Lung Infection Quantification of COVID-19 in CT Images with Deep Learning

In the context of the COVID-19 pandemic, the ability to accurately quantify lung infection from CT images is crucial for efficient patient management. The paper "Lung Infection Quantification of COVID-19 in CT Images with Deep Learning" presents a novel deep learning (DL)-based system leveraging the VB-Net architecture to automatically segment and quantify infection regions in chest CT scans of COVID-19 patients.

Methodology

The paper employs a retrospective dataset comprising 249 COVID-19 patient CT images for training and 300 for validation. The VB-Net neural network, a modification of the V-Net with bottleneck structures, is utilized for the segmentation tasks due to its efficacy in handling large 3D volumetric data. A human-in-the-loop (HITL) strategy is integrated to refine the accuracy of automatic annotations, significantly accelerating the training cycle by iteratively incorporating radiologists' corrections.

Results

The results demonstrate a high Dice similarity coefficient of 91.6%±10.0% between automatic and manual segmentations, indicating substantial accuracy in delineating infection regions. Volume estimation errors and percentage of infection (POI) estimation errors are minimal (0.3% for the whole lung), affirming the reliability of the system. Moreover, the iterative HITL strategy efficiently reduces manual delineation time from hours to under five minutes per scan after sufficient iterations.

Discussion

The implications of this research are pertinent both clinically and theoretically. Practically, the DL-based system facilitates rapid and consistent quantification of lung infections, thereby enhancing radiological assessment and aiding in the longitudinal tracking of disease progression. The potential application of the system extends to evaluating therapeutic responses due to its capability to quantify longitudinal changes in follow-up CT scans accurately.

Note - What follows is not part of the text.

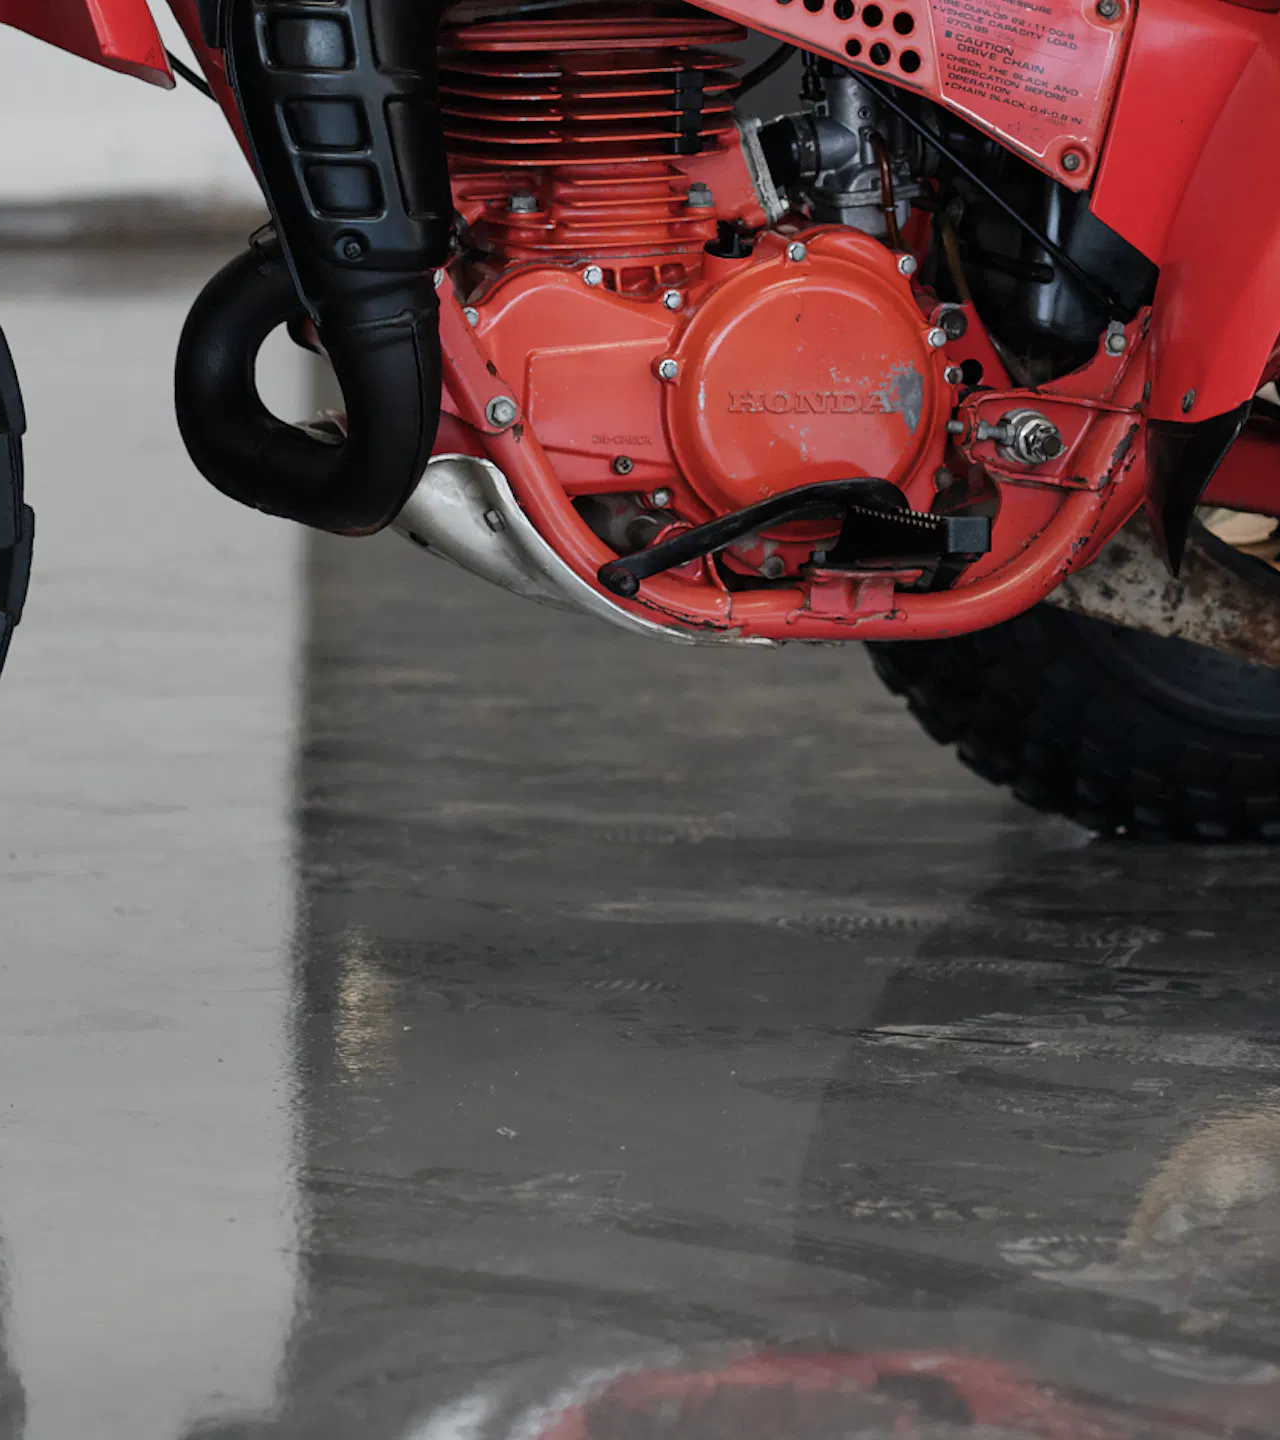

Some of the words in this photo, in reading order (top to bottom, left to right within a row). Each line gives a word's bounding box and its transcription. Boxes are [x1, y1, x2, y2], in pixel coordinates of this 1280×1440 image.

From a theoretical standpoint, the integration of HITL strategies exemplifies an advancement in interactive AI systems, prioritizing model transparency and radiologist involvement in the training process. The HITL approach enhances model accuracy iteratively, thus providing a practical solution to the challenge of obtaining extensive annotated datasets.

Future prospects could include generalizing this segmentation approach to other types of pneumonia and exploring transfer learning methodologies to adapt the system for broader clinical applications. However, limitations such as the geographic diversity of the dataset and its current specificity to COVID-19 must be addressed through future multi-center collaborations.

Conclusion

This investigation into deep learning for CT-based COVID-19 infection quantification represents a significant step in advancing radiological tools with enhanced precision and efficiency. The system not only complements RT-PCR testing by providing rapid imaging-based assessments but also contributes valuable quantitative data for clinical decision-making and research into disease progression and treatment effects.